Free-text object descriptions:

┌────────

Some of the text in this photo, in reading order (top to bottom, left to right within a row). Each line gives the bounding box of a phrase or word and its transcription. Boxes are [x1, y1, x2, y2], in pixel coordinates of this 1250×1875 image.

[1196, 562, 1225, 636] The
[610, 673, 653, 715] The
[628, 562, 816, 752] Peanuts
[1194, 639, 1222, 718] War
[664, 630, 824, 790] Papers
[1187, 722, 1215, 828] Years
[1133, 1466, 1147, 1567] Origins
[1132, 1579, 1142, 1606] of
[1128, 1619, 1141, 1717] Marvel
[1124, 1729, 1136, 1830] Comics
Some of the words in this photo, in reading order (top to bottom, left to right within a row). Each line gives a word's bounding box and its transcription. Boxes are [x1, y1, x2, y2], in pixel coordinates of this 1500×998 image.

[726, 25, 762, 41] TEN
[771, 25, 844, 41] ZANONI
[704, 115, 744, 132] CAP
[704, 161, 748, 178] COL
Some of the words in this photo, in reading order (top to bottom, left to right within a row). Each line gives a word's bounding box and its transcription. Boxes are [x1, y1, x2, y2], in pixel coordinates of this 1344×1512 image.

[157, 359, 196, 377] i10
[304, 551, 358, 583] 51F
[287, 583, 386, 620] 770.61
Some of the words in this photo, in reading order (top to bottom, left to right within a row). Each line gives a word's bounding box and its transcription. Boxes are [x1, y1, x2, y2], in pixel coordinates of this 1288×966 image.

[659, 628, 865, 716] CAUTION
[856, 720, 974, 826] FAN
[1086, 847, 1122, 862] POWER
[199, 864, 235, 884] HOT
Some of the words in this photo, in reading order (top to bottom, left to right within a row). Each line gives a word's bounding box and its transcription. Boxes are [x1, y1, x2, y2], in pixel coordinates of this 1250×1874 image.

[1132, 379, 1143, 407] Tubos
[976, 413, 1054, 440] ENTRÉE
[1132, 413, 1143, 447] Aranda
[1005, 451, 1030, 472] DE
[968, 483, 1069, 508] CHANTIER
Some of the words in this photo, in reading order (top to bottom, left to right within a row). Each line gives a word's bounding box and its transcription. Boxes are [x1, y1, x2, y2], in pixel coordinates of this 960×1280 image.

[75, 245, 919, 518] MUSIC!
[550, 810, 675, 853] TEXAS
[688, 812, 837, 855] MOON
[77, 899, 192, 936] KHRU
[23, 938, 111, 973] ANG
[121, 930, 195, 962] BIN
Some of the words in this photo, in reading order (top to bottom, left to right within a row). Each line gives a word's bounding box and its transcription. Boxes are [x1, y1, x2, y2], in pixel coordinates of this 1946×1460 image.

└────────

# Task instructions
Your answer must be the line with "this 1288×966 image." and all lines after it through the final line of the entries, copied exactly and with nothing added.

# Completed exercise
Some of the words in this photo, in reading order (top to bottom, left to right within a row). Each line gives a word's bounding box and its transcription. Boxes are [x1, y1, x2, y2], in pixel coordinates of this 1288×966 image.

[659, 628, 865, 716] CAUTION
[856, 720, 974, 826] FAN
[1086, 847, 1122, 862] POWER
[199, 864, 235, 884] HOT
Some of the words in this photo, in reading order (top to bottom, left to right within a row). Each line gives a word's bounding box and its transcription. Boxes are [x1, y1, x2, y2], in pixel coordinates of this 1250×1874 image.

[1132, 379, 1143, 407] Tubos
[976, 413, 1054, 440] ENTRÉE
[1132, 413, 1143, 447] Aranda
[1005, 451, 1030, 472] DE
[968, 483, 1069, 508] CHANTIER
Some of the words in this photo, in reading order (top to bottom, left to right within a row). Each line gives a word's bounding box and its transcription. Boxes are [x1, y1, x2, y2], in pixel coordinates of this 960×1280 image.

[75, 245, 919, 518] MUSIC!
[550, 810, 675, 853] TEXAS
[688, 812, 837, 855] MOON
[77, 899, 192, 936] KHRU
[23, 938, 111, 973] ANG
[121, 930, 195, 962] BIN
Some of the words in this photo, in reading order (top to bottom, left to right within a row). Each line gives a word's bounding box and its transcription. Boxes are [x1, y1, x2, y2], in pixel coordinates of this 1946×1460 image.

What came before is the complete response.